Task description: Please copy all of the records exactly, leaving nothing out.

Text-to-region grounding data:
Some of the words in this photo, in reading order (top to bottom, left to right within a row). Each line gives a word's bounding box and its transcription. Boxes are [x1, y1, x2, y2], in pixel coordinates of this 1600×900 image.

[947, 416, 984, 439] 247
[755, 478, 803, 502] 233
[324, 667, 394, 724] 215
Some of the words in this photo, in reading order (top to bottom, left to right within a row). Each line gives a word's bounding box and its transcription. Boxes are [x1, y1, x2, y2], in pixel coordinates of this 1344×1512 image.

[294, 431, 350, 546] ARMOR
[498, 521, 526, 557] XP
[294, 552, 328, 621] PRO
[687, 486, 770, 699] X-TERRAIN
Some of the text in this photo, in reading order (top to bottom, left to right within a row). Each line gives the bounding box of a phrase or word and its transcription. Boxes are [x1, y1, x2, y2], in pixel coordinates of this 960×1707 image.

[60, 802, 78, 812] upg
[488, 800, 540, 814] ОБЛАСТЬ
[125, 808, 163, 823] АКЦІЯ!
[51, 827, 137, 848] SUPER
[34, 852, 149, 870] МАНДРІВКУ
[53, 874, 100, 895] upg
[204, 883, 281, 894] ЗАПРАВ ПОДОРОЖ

Result of the task:
Some of the words in this photo, in reading order (top to bottom, left to right within a row). Each line gives a word's bounding box and its transcription. Boxes are [x1, y1, x2, y2], in pixel coordinates of this 1600×900 image.

[947, 416, 984, 439] 247
[755, 478, 803, 502] 233
[324, 667, 394, 724] 215
Some of the words in this photo, in reading order (top to bottom, left to right within a row). Each line gives a word's bounding box and its transcription. Boxes are [x1, y1, x2, y2], in pixel coordinates of this 1344×1512 image.

[294, 431, 350, 546] ARMOR
[498, 521, 526, 557] XP
[294, 552, 328, 621] PRO
[687, 486, 770, 699] X-TERRAIN
Some of the text in this photo, in reading order (top to bottom, left to right within a row). Each line gives the bounding box of a phrase or word and its transcription. Boxes are [x1, y1, x2, y2], in pixel coordinates of this 960×1707 image.

[60, 802, 78, 812] upg
[488, 800, 540, 814] ОБЛАСТЬ
[125, 808, 163, 823] АКЦІЯ!
[51, 827, 137, 848] SUPER
[34, 852, 149, 870] МАНДРІВКУ
[53, 874, 100, 895] upg
[204, 883, 281, 894] ЗАПРАВ ПОДОРОЖ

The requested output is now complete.